→ **Work instructions**
From the line with "Some of the words" to the final line of the records, reproduce every line exactly and only those lines.

Free-text object descriptions
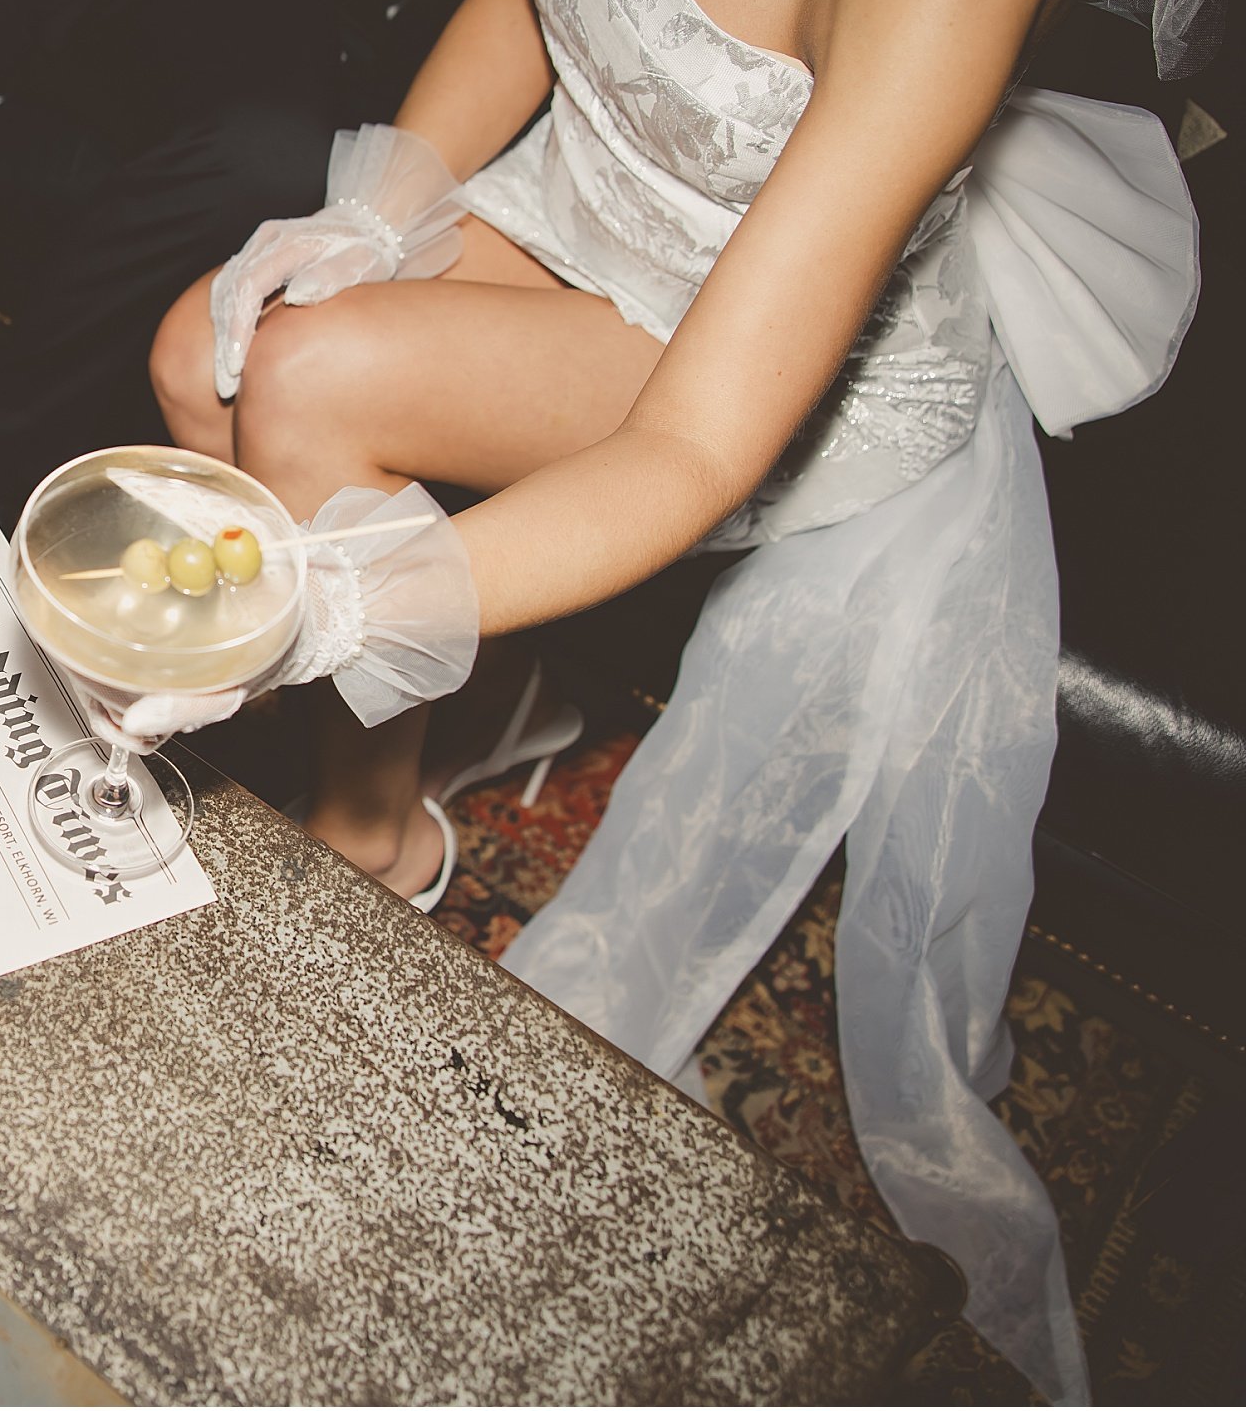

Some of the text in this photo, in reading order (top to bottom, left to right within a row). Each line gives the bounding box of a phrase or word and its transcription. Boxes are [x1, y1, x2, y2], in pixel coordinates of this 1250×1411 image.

[12, 851, 46, 908] ELKHORN,
[38, 908, 57, 925] WI
[34, 768, 134, 906] Times
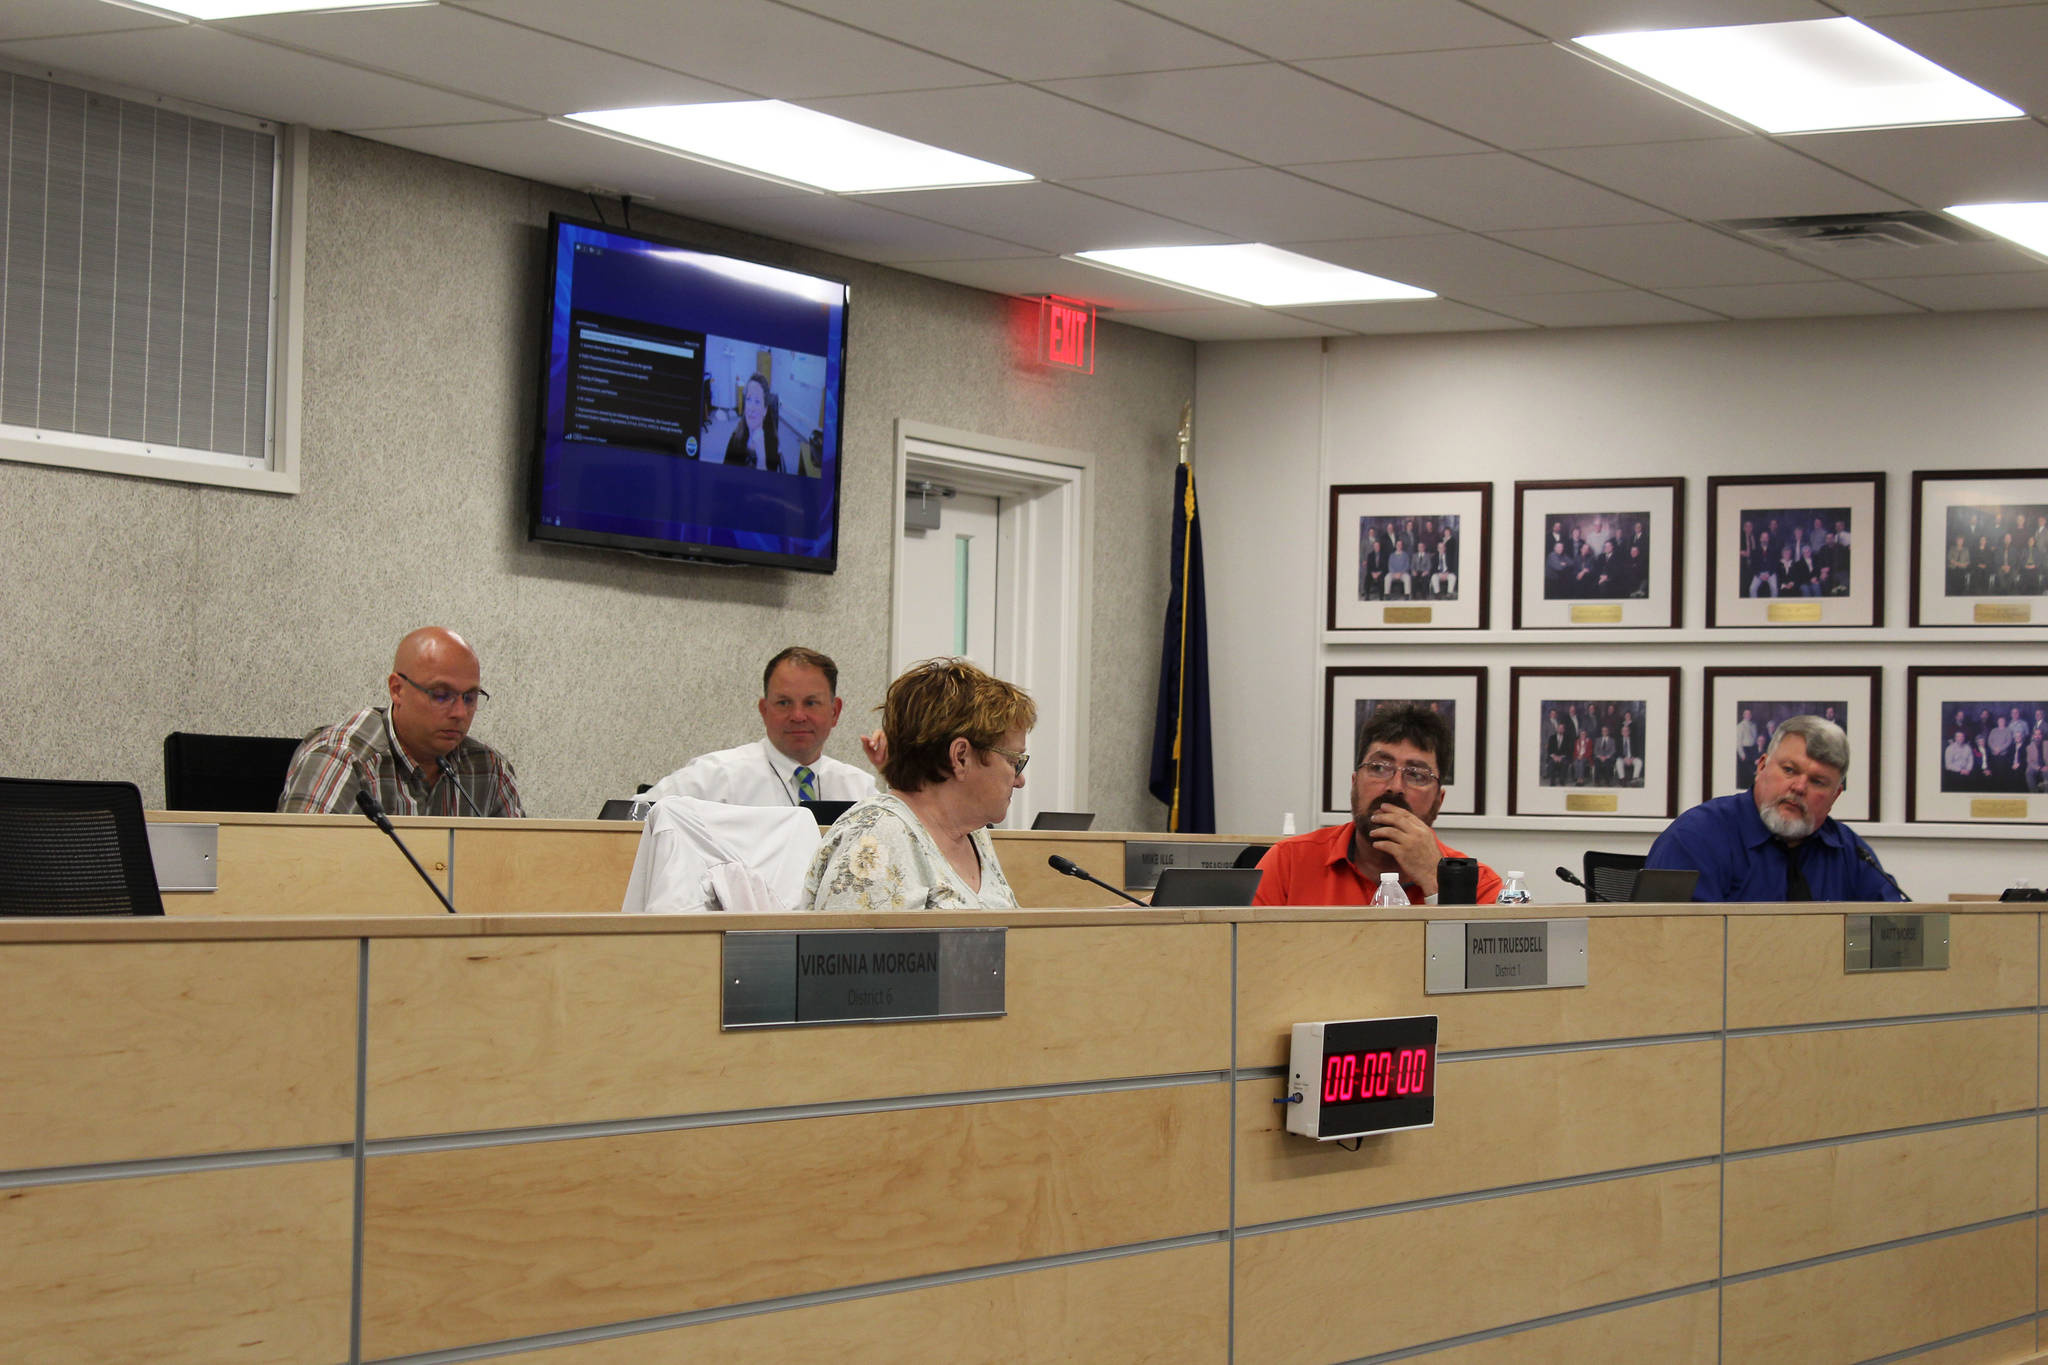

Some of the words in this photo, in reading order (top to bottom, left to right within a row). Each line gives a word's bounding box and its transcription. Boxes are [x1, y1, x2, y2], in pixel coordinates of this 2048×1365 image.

[1049, 305, 1087, 367] EXIT
[1472, 937, 1496, 954] PATTI
[1498, 936, 1543, 953] TRUESDELL
[800, 953, 868, 976] VIRGINIA
[872, 951, 937, 974] MORGAN
[1495, 964, 1516, 977] District
[848, 988, 884, 1006] District
[886, 987, 894, 1005] 6
[1324, 1049, 1427, 1103] 00:00:00

→ **Reply**
Some of the words in this photo, in reading order (top to bottom, left to right within a row). Each line gives a word's bounding box and its transcription. Boxes are [x1, y1, x2, y2], in pixel coordinates of this 2048×1365 image.

[1049, 305, 1087, 367] EXIT
[1472, 937, 1496, 954] PATTI
[1498, 936, 1543, 953] TRUESDELL
[800, 953, 868, 976] VIRGINIA
[872, 951, 937, 974] MORGAN
[1495, 964, 1516, 977] District
[848, 988, 884, 1006] District
[886, 987, 894, 1005] 6
[1324, 1049, 1427, 1103] 00:00:00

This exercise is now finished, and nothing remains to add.